# [Exercise objective]
I'd like the entries reproduced exactly, with the images omitted.

# [Study material]
•••••
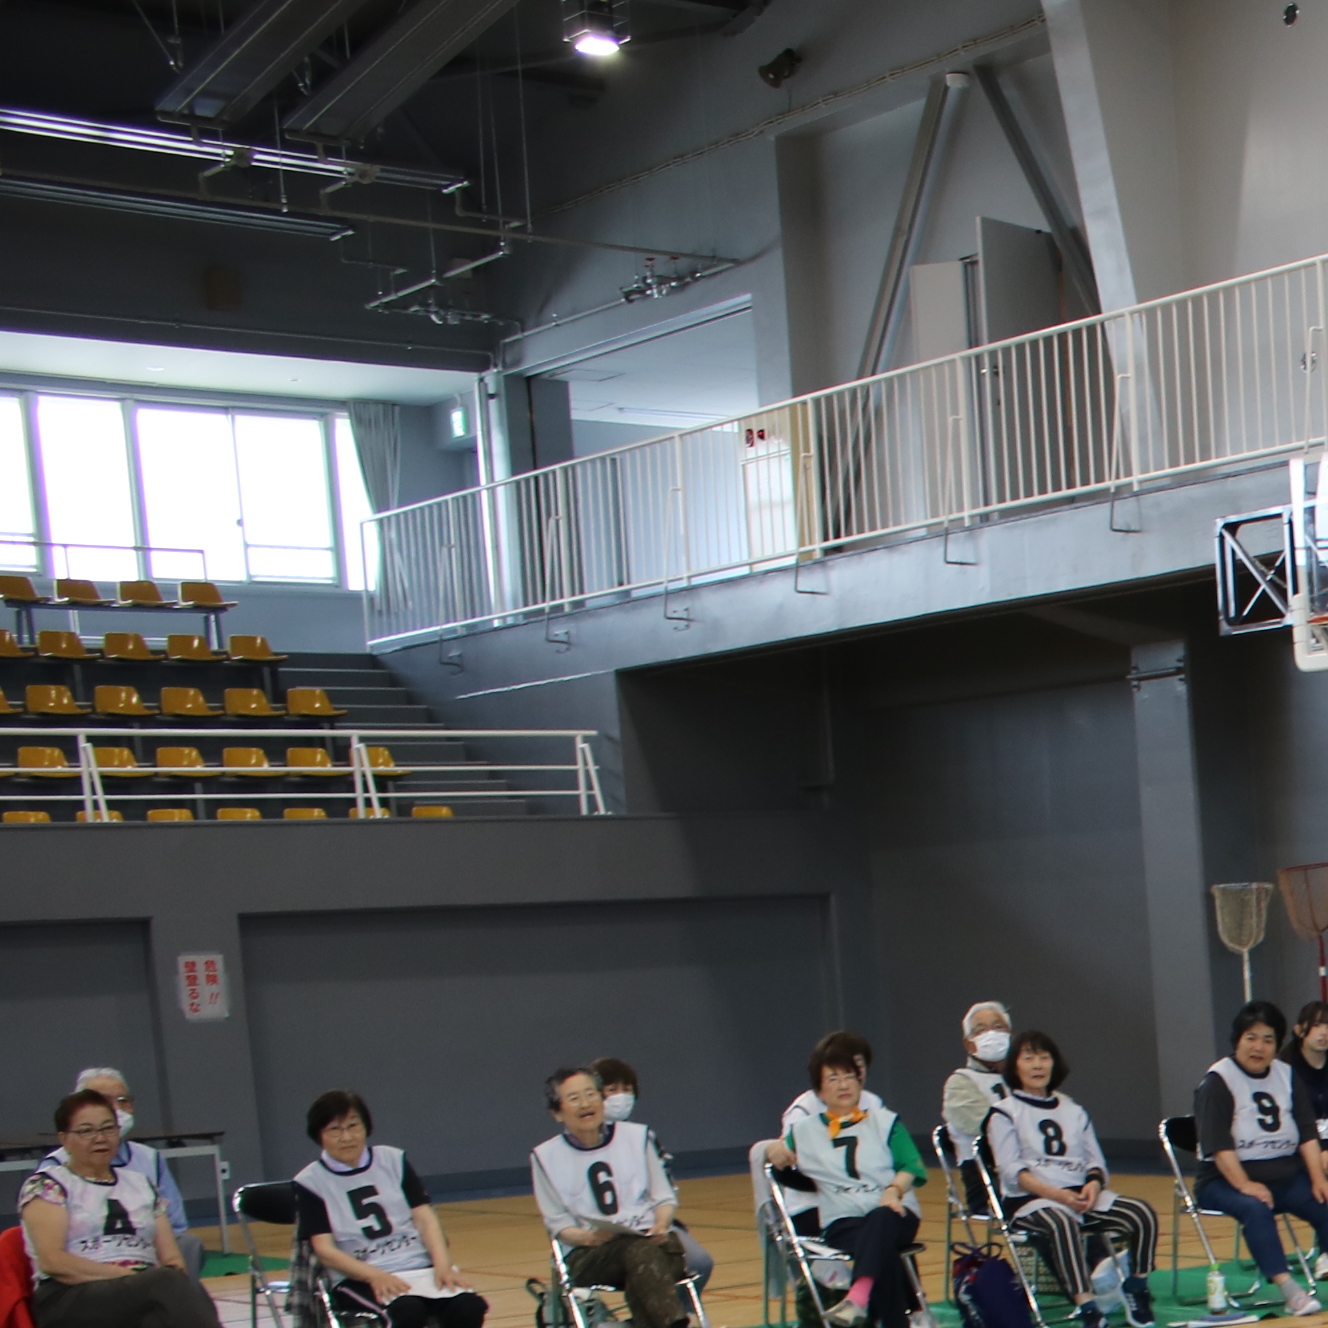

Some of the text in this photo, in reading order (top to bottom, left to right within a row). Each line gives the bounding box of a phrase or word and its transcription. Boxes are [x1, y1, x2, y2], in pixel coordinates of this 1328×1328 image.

[1252, 1091, 1281, 1133] 9
[832, 1136, 860, 1181] 7
[1038, 1119, 1067, 1156] 8
[587, 1161, 619, 1216] 6
[346, 1184, 393, 1240] 5
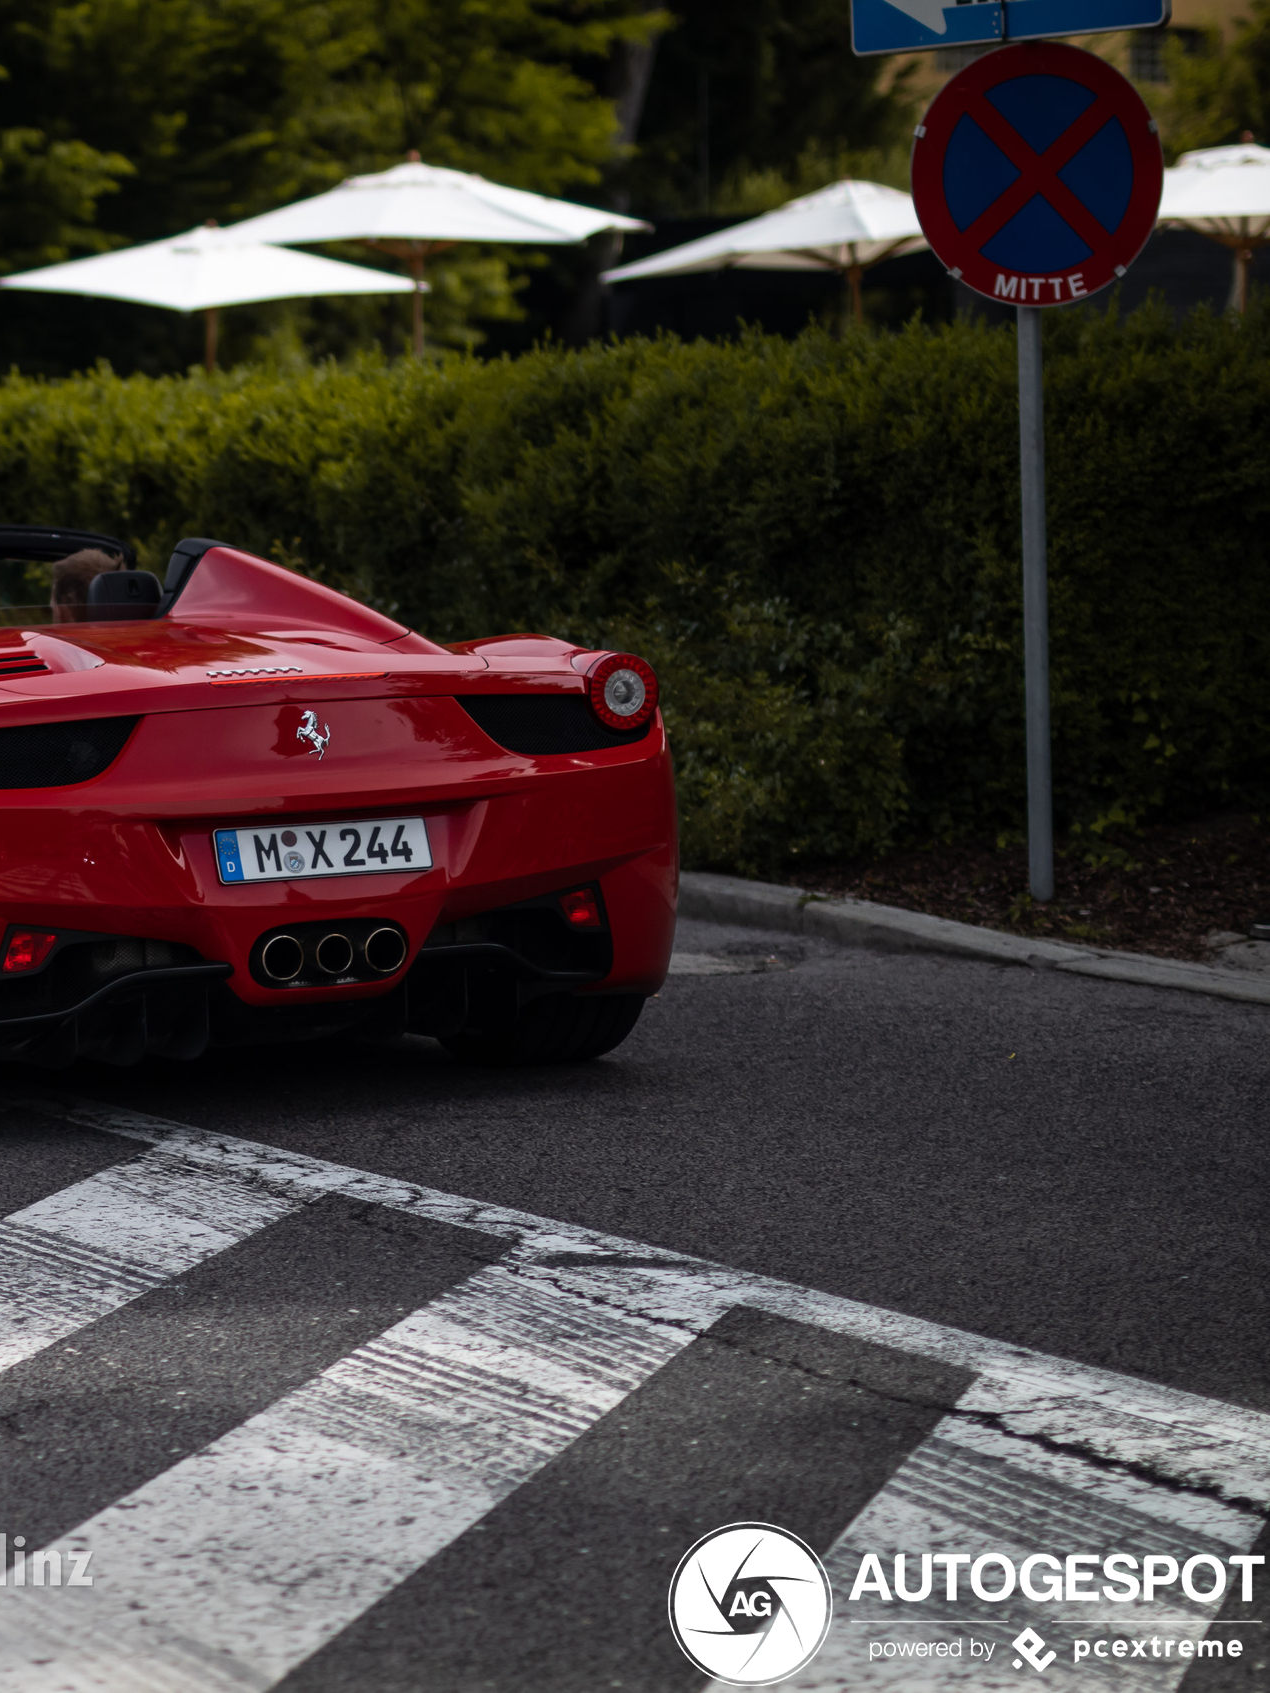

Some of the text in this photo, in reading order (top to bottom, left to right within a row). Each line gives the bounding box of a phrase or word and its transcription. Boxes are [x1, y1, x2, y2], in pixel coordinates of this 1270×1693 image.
•••••
# [Output]
Some of the text in this photo, in reading order (top to bottom, left to right within a row). Each line gives the bounding box of a phrase or word and its transcription. Boxes are [x1, y1, x2, y2], in pixel coordinates of this 1328×1328 image.

[1252, 1091, 1281, 1133] 9
[832, 1136, 860, 1181] 7
[1038, 1119, 1067, 1156] 8
[587, 1161, 619, 1216] 6
[346, 1184, 393, 1240] 5

Some of the text in this photo, in reading order (top to bottom, left to right within a row). Each line gives the bounding box of a phrase or word and its transcription. Boxes are [x1, y1, x2, y2], in pixel coordinates of this 1270×1693 image.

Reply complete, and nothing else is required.